[[ Information given, beginning ]]

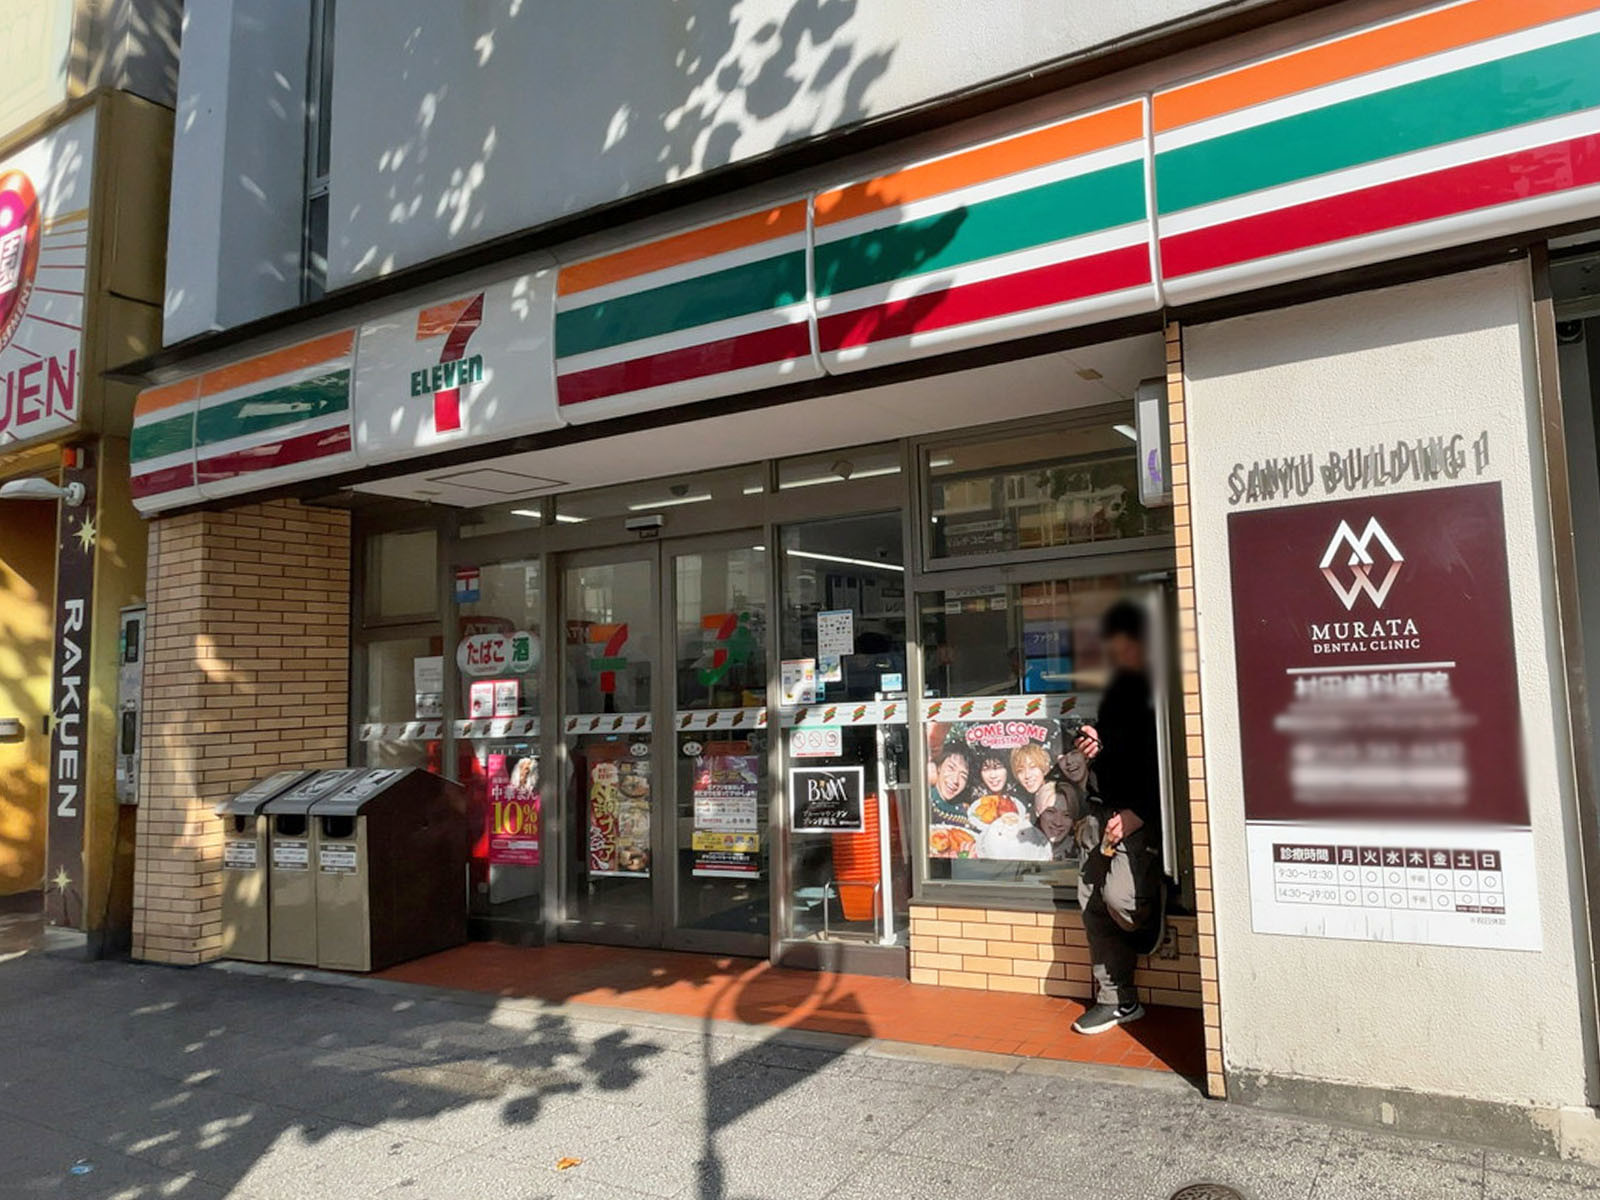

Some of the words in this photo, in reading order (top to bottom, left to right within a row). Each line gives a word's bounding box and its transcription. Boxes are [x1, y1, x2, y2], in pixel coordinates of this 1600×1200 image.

[411, 354, 483, 397] ELEVEN
[1228, 453, 1314, 505] SANYU
[1320, 434, 1466, 494] BUILDING
[1311, 618, 1419, 640] MURATA
[467, 640, 505, 665] たばこ
[512, 636, 530, 662] 酒
[1313, 641, 1367, 654] DENTAL
[1370, 638, 1421, 651] CLINIC
[57, 599, 84, 817] RAKUEN
[966, 722, 1004, 742] COME
[1006, 721, 1048, 742] COME
[1280, 847, 1329, 862] 診療時間
[1342, 849, 1354, 863] 月
[1364, 850, 1377, 863] 火
[1386, 851, 1400, 864] 水
[1409, 852, 1424, 865] 木
[1432, 853, 1447, 866] 金
[1457, 854, 1471, 867] 土
[1482, 854, 1495, 868] 日
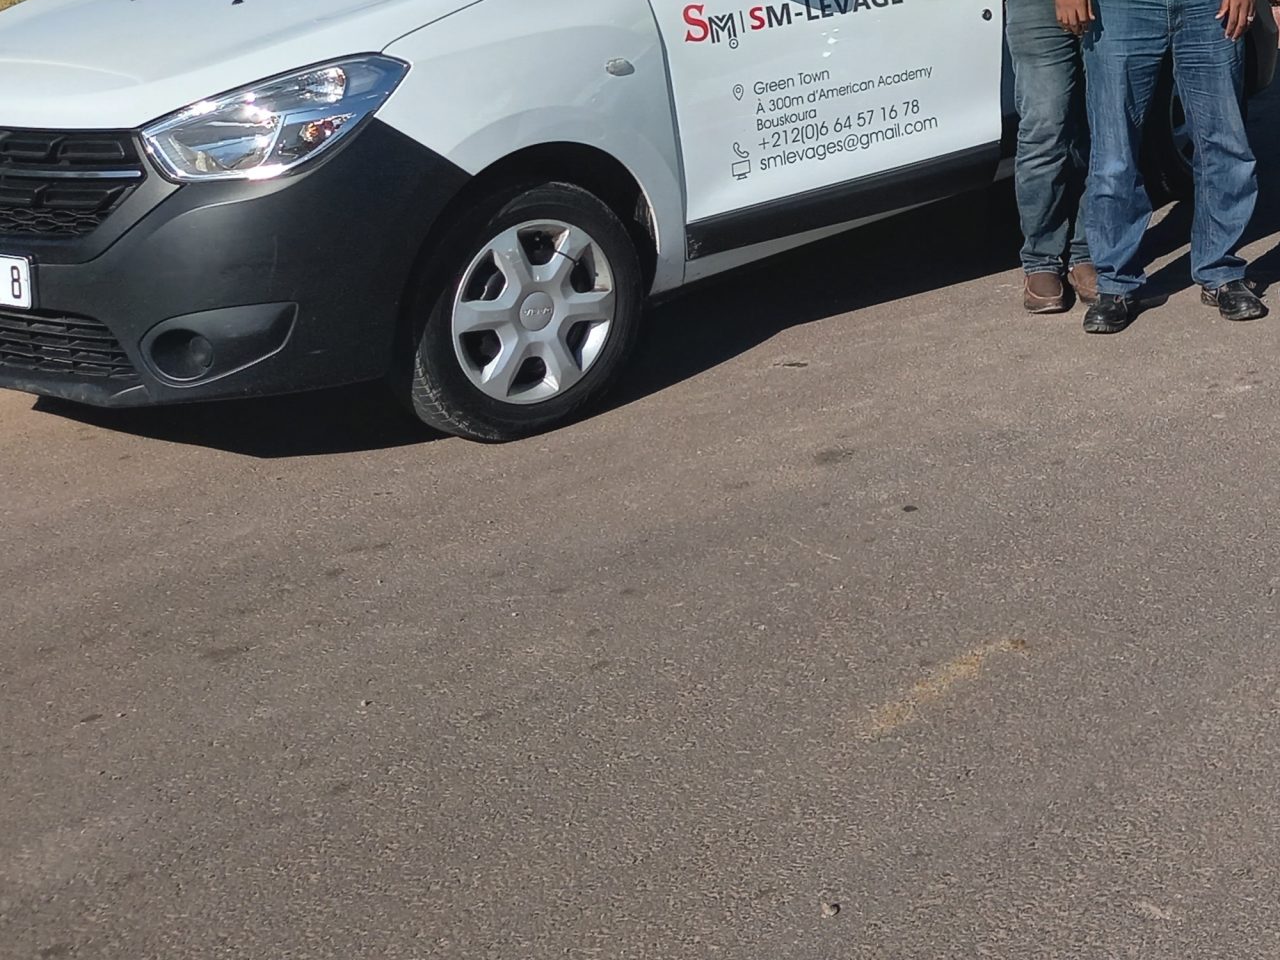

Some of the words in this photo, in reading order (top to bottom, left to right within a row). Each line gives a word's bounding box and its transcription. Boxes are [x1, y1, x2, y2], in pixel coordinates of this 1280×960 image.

[752, 76, 795, 97] Green
[798, 67, 831, 87] Town
[756, 98, 766, 115] À
[768, 93, 805, 114] 300m
[807, 78, 876, 104] d'American
[877, 65, 934, 88] Academy
[756, 107, 817, 132] Bouskoura
[758, 122, 830, 151] +212(0)6
[833, 116, 853, 134] 64
[856, 110, 876, 130] 57
[880, 105, 899, 124] 16
[902, 99, 921, 118] 78
[759, 115, 939, 171] smlevages@gmail.com
[10, 265, 22, 299] 8
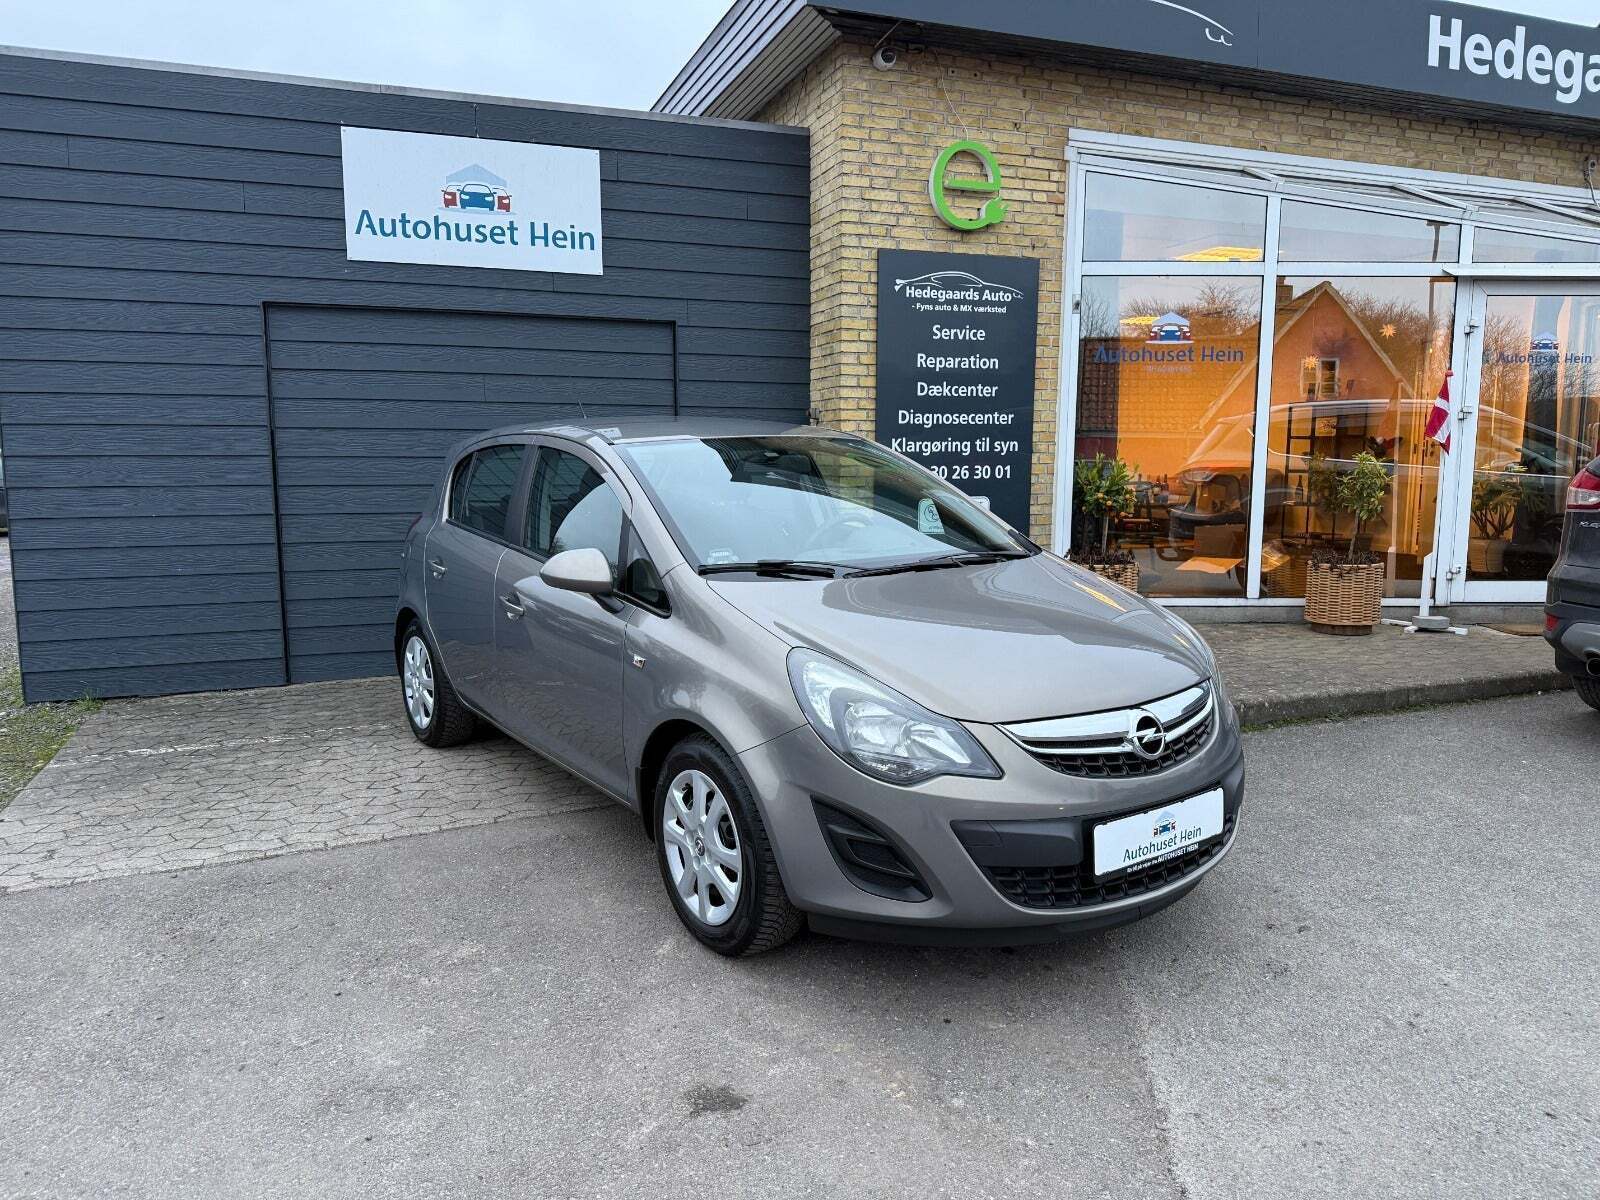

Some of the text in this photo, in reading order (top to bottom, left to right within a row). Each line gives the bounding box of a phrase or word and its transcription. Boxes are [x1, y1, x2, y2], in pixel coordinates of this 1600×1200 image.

[354, 209, 595, 250] Autohuset Hein
[905, 286, 1012, 302] Hedegaards Auto
[916, 303, 934, 312] Fyns
[973, 305, 1007, 313] værksted
[932, 324, 986, 341] Service
[916, 353, 999, 371] Reparation
[1094, 345, 1244, 363] Autohuset Hein
[1497, 352, 1592, 364] Autohuset Hein
[916, 381, 999, 397] Dækcenter
[898, 409, 1015, 428] Diagnosecenter
[891, 437, 1019, 456] Klargøring til syn
[951, 465, 970, 480] 26
[973, 465, 991, 479] 30
[994, 465, 1011, 479] 01
[1122, 826, 1202, 862] Autohuset Hein
[1158, 847, 1187, 863] AUTOHUSET

[[ Information given, end ]]

Output all of the entries once more, word for word, with the images removed.

Solution to this task
Some of the words in this photo, in reading order (top to bottom, left to right within a row). Each line gives a word's bounding box and its transcription. Boxes are [x1, y1, x2, y2], in pixel coordinates of this 1600×1200 image.

[411, 354, 483, 397] ELEVEN
[1228, 453, 1314, 505] SANYU
[1320, 434, 1466, 494] BUILDING
[1311, 618, 1419, 640] MURATA
[467, 640, 505, 665] たばこ
[512, 636, 530, 662] 酒
[1313, 641, 1367, 654] DENTAL
[1370, 638, 1421, 651] CLINIC
[57, 599, 84, 817] RAKUEN
[966, 722, 1004, 742] COME
[1006, 721, 1048, 742] COME
[1280, 847, 1329, 862] 診療時間
[1342, 849, 1354, 863] 月
[1364, 850, 1377, 863] 火
[1386, 851, 1400, 864] 水
[1409, 852, 1424, 865] 木
[1432, 853, 1447, 866] 金
[1457, 854, 1471, 867] 土
[1482, 854, 1495, 868] 日

Some of the words in this photo, in reading order (top to bottom, left to right within a row). Each line gives a word's bounding box and its transcription. Boxes are [x1, y1, x2, y2], in pixel coordinates of this 1280×960 image.

[752, 76, 795, 97] Green
[798, 67, 831, 87] Town
[756, 98, 766, 115] À
[768, 93, 805, 114] 300m
[807, 78, 876, 104] d'American
[877, 65, 934, 88] Academy
[756, 107, 817, 132] Bouskoura
[758, 122, 830, 151] +212(0)6
[833, 116, 853, 134] 64
[856, 110, 876, 130] 57
[880, 105, 899, 124] 16
[902, 99, 921, 118] 78
[759, 115, 939, 171] smlevages@gmail.com
[10, 265, 22, 299] 8

Some of the text in this photo, in reading order (top to bottom, left to right within a row). Each line gives the bounding box of a phrase or word and its transcription. Boxes are [x1, y1, x2, y2], in pixel coordinates of this 1600×1200 image.

[354, 209, 595, 250] Autohuset Hein
[905, 286, 1012, 302] Hedegaards Auto
[916, 303, 934, 312] Fyns
[973, 305, 1007, 313] værksted
[932, 324, 986, 341] Service
[916, 353, 999, 371] Reparation
[1094, 345, 1244, 363] Autohuset Hein
[1497, 352, 1592, 364] Autohuset Hein
[916, 381, 999, 397] Dækcenter
[898, 409, 1015, 428] Diagnosecenter
[891, 437, 1019, 456] Klargøring til syn
[951, 465, 970, 480] 26
[973, 465, 991, 479] 30
[994, 465, 1011, 479] 01
[1122, 826, 1202, 862] Autohuset Hein
[1158, 847, 1187, 863] AUTOHUSET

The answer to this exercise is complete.